> [TASK TO COMPLETE]:
Write out the entries verbatim and leave the images out of the copy.

> [Data records]:
%%

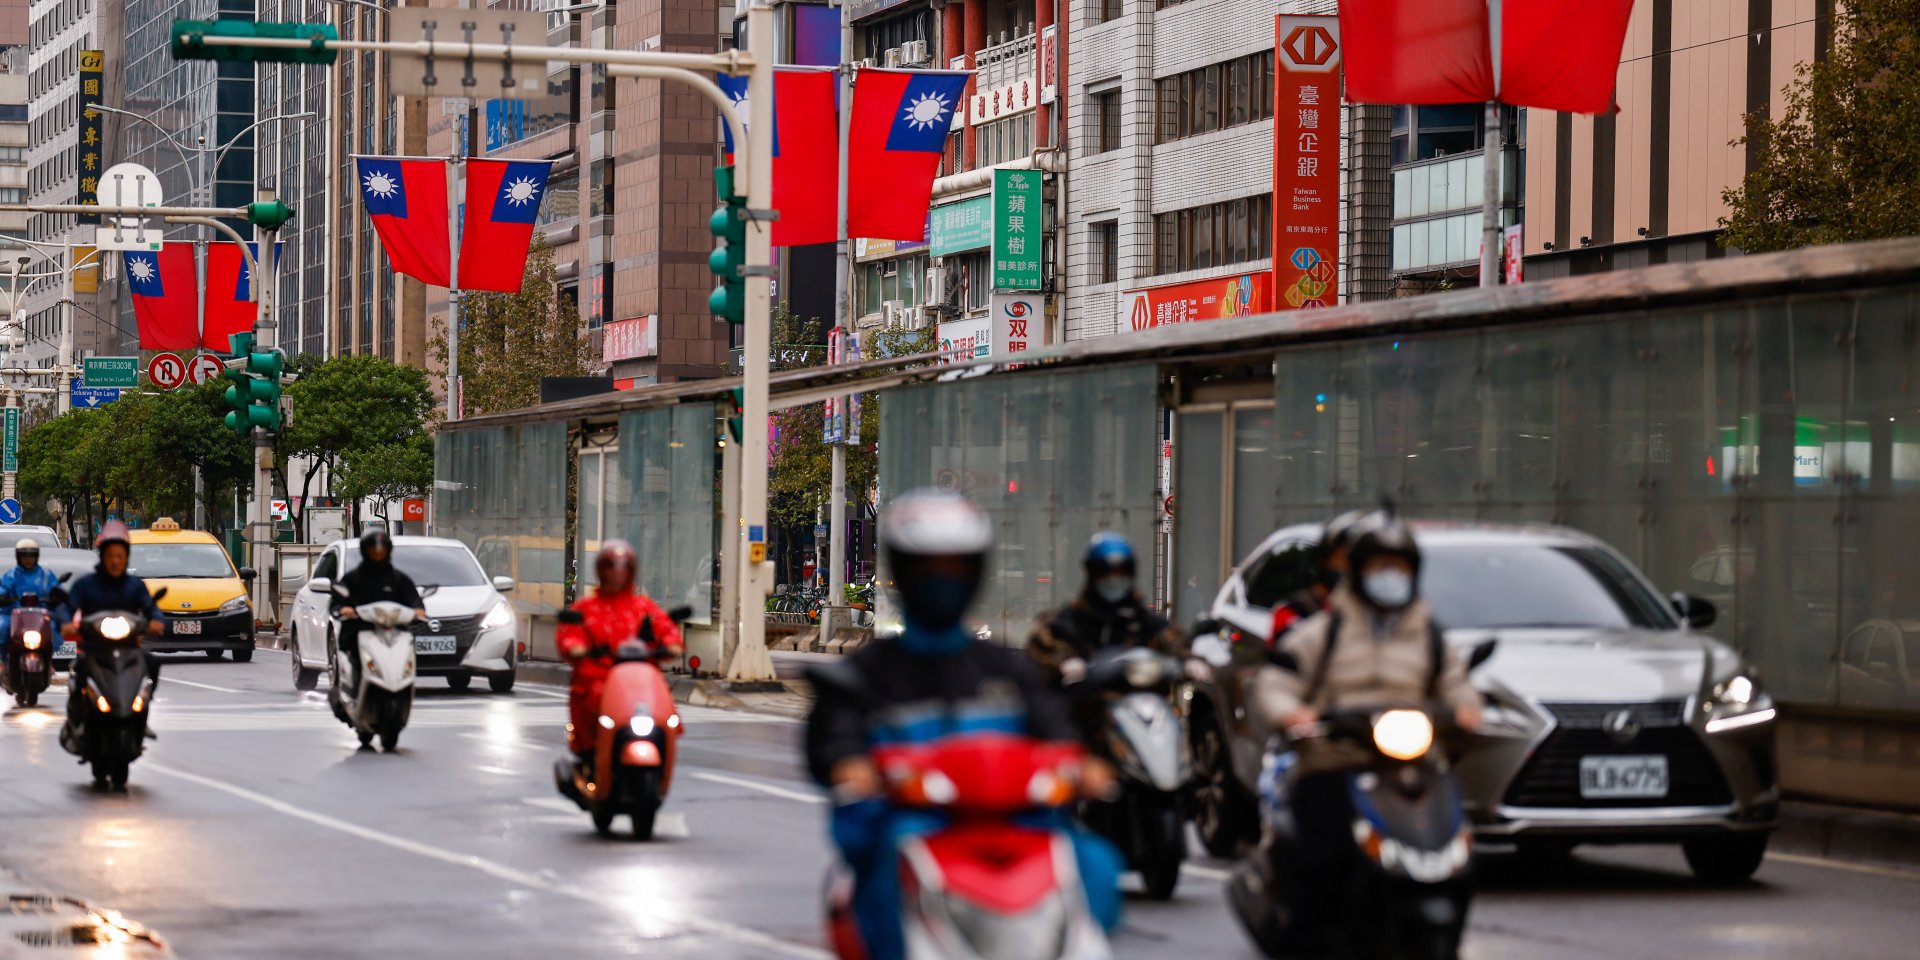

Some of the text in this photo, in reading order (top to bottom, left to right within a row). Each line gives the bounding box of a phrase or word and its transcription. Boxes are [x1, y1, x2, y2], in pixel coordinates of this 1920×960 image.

[1298, 85, 1319, 177] 臺灣企銀
[1293, 188, 1317, 196] Taiwan
[1008, 194, 1026, 255] 蘋果樹
[1285, 225, 1328, 234] 南京東路分行
[997, 260, 1038, 271] 醫美診所
[408, 504, 423, 514] Co

%%

> [REPLY]:
Some of the text in this photo, in reading order (top to bottom, left to right within a row). Each line gives the bounding box of a phrase or word and its transcription. Boxes are [x1, y1, x2, y2], in pixel coordinates of this 1920×960 image.

[1298, 85, 1319, 177] 臺灣企銀
[1293, 188, 1317, 196] Taiwan
[1008, 194, 1026, 255] 蘋果樹
[1285, 225, 1328, 234] 南京東路分行
[997, 260, 1038, 271] 醫美診所
[408, 504, 423, 514] Co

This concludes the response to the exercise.